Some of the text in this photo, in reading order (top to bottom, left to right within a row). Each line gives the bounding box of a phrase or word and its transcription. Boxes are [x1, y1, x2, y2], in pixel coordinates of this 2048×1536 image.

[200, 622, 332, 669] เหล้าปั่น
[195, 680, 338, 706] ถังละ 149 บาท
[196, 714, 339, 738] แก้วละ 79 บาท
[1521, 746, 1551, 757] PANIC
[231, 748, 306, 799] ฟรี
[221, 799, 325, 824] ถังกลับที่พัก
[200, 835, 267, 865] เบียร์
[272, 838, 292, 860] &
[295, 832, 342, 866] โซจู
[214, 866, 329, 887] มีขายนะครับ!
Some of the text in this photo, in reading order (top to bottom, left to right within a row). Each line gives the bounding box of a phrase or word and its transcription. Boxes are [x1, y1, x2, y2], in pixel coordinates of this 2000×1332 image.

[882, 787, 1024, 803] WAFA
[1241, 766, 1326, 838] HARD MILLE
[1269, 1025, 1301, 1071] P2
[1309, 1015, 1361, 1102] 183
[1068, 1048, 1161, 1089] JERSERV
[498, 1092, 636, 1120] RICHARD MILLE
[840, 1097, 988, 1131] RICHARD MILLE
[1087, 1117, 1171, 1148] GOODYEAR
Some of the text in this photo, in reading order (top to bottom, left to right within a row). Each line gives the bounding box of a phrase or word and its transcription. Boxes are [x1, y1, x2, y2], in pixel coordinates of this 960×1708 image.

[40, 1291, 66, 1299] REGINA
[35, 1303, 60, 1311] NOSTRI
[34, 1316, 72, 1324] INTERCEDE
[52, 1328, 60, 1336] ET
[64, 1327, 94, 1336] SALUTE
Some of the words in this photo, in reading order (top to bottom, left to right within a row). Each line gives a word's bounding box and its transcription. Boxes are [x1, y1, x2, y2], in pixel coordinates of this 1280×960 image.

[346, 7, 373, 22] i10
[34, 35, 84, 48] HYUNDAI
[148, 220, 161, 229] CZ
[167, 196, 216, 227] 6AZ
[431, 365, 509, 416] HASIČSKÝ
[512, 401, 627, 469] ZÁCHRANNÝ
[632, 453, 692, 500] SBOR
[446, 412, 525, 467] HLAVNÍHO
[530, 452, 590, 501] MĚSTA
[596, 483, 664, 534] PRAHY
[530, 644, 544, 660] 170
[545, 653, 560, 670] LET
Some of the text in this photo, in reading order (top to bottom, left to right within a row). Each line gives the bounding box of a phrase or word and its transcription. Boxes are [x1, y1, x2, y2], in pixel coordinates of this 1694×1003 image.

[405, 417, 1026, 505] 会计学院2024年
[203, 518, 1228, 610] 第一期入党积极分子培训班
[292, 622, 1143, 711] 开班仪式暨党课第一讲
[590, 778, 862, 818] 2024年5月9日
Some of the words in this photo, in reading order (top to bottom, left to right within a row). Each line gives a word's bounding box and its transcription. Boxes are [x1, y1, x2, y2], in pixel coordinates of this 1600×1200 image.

================

-- ABOUT THIS EXERCISE --
Every line of the material above should be transcribed as it stands.

-- ANSWER SPACE --
Some of the text in this photo, in reading order (top to bottom, left to right within a row). Each line gives the bounding box of a phrase or word and its transcription. Boxes are [x1, y1, x2, y2], in pixel coordinates of this 2048×1536 image.

[200, 622, 332, 669] เหล้าปั่น
[195, 680, 338, 706] ถังละ 149 บาท
[196, 714, 339, 738] แก้วละ 79 บาท
[1521, 746, 1551, 757] PANIC
[231, 748, 306, 799] ฟรี
[221, 799, 325, 824] ถังกลับที่พัก
[200, 835, 267, 865] เบียร์
[272, 838, 292, 860] &
[295, 832, 342, 866] โซจู
[214, 866, 329, 887] มีขายนะครับ!
Some of the text in this photo, in reading order (top to bottom, left to right within a row). Each line gives the bounding box of a phrase or word and its transcription. Boxes are [x1, y1, x2, y2], in pixel coordinates of this 2000×1332 image.

[882, 787, 1024, 803] WAFA
[1241, 766, 1326, 838] HARD MILLE
[1269, 1025, 1301, 1071] P2
[1309, 1015, 1361, 1102] 183
[1068, 1048, 1161, 1089] JERSERV
[498, 1092, 636, 1120] RICHARD MILLE
[840, 1097, 988, 1131] RICHARD MILLE
[1087, 1117, 1171, 1148] GOODYEAR
Some of the text in this photo, in reading order (top to bottom, left to right within a row). Each line gives the bounding box of a phrase or word and its transcription. Boxes are [x1, y1, x2, y2], in pixel coordinates of this 960×1708 image.

[40, 1291, 66, 1299] REGINA
[35, 1303, 60, 1311] NOSTRI
[34, 1316, 72, 1324] INTERCEDE
[52, 1328, 60, 1336] ET
[64, 1327, 94, 1336] SALUTE
Some of the words in this photo, in reading order (top to bottom, left to right within a row). Each line gives a word's bounding box and its transcription. Boxes are [x1, y1, x2, y2], in pixel coordinates of this 1280×960 image.

[346, 7, 373, 22] i10
[34, 35, 84, 48] HYUNDAI
[148, 220, 161, 229] CZ
[167, 196, 216, 227] 6AZ
[431, 365, 509, 416] HASIČSKÝ
[512, 401, 627, 469] ZÁCHRANNÝ
[632, 453, 692, 500] SBOR
[446, 412, 525, 467] HLAVNÍHO
[530, 452, 590, 501] MĚSTA
[596, 483, 664, 534] PRAHY
[530, 644, 544, 660] 170
[545, 653, 560, 670] LET
Some of the text in this photo, in reading order (top to bottom, left to right within a row). Each line gives the bounding box of a phrase or word and its transcription. Boxes are [x1, y1, x2, y2], in pixel coordinates of this 1694×1003 image.

[405, 417, 1026, 505] 会计学院2024年
[203, 518, 1228, 610] 第一期入党积极分子培训班
[292, 622, 1143, 711] 开班仪式暨党课第一讲
[590, 778, 862, 818] 2024年5月9日
Some of the words in this photo, in reading order (top to bottom, left to right within a row). Each line gives a word's bounding box and its transcription. Boxes are [x1, y1, x2, y2], in pixel coordinates of this 1600×1200 image.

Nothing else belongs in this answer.